→ **Exercise goal**
For this exercise, output the line holding "this 1400×1400 image." and all subsequent lines of the entries below, unchanged, up to and including the last.
START Given information
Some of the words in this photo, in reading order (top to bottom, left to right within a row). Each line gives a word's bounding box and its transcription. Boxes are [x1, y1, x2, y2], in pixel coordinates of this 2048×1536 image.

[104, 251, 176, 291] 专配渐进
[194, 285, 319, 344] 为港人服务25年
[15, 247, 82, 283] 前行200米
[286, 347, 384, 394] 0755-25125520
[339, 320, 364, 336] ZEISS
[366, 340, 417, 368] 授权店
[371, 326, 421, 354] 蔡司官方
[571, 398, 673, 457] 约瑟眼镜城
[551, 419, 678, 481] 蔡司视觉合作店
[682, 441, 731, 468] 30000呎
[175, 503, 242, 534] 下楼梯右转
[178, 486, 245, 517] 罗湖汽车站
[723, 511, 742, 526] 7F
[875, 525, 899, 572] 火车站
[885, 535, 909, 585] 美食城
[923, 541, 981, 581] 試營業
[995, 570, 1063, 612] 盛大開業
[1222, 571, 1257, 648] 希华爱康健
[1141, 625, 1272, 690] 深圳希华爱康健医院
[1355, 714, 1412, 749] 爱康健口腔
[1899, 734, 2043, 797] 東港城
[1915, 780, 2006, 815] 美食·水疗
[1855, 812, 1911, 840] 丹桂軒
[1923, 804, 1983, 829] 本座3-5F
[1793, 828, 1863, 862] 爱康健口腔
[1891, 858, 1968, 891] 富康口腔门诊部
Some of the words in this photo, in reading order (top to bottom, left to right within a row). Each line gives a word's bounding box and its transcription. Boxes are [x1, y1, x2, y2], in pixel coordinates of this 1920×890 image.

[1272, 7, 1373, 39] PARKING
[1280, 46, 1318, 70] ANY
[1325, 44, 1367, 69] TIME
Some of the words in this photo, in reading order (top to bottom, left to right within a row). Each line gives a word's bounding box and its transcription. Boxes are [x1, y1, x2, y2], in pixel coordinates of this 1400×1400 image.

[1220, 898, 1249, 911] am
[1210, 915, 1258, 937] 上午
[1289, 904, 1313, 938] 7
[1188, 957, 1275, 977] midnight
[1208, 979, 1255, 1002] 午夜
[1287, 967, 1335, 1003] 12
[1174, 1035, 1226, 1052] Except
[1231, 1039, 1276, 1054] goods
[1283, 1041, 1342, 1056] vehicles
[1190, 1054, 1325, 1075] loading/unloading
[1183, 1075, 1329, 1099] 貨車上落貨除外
END Given information
→ **Solved problem**
Some of the words in this photo, in reading order (top to bottom, left to right within a row). Each line gives a word's bounding box and its transcription. Boxes are [x1, y1, x2, y2], in pixel coordinates of this 1400×1400 image.

[1220, 898, 1249, 911] am
[1210, 915, 1258, 937] 上午
[1289, 904, 1313, 938] 7
[1188, 957, 1275, 977] midnight
[1208, 979, 1255, 1002] 午夜
[1287, 967, 1335, 1003] 12
[1174, 1035, 1226, 1052] Except
[1231, 1039, 1276, 1054] goods
[1283, 1041, 1342, 1056] vehicles
[1190, 1054, 1325, 1075] loading/unloading
[1183, 1075, 1329, 1099] 貨車上落貨除外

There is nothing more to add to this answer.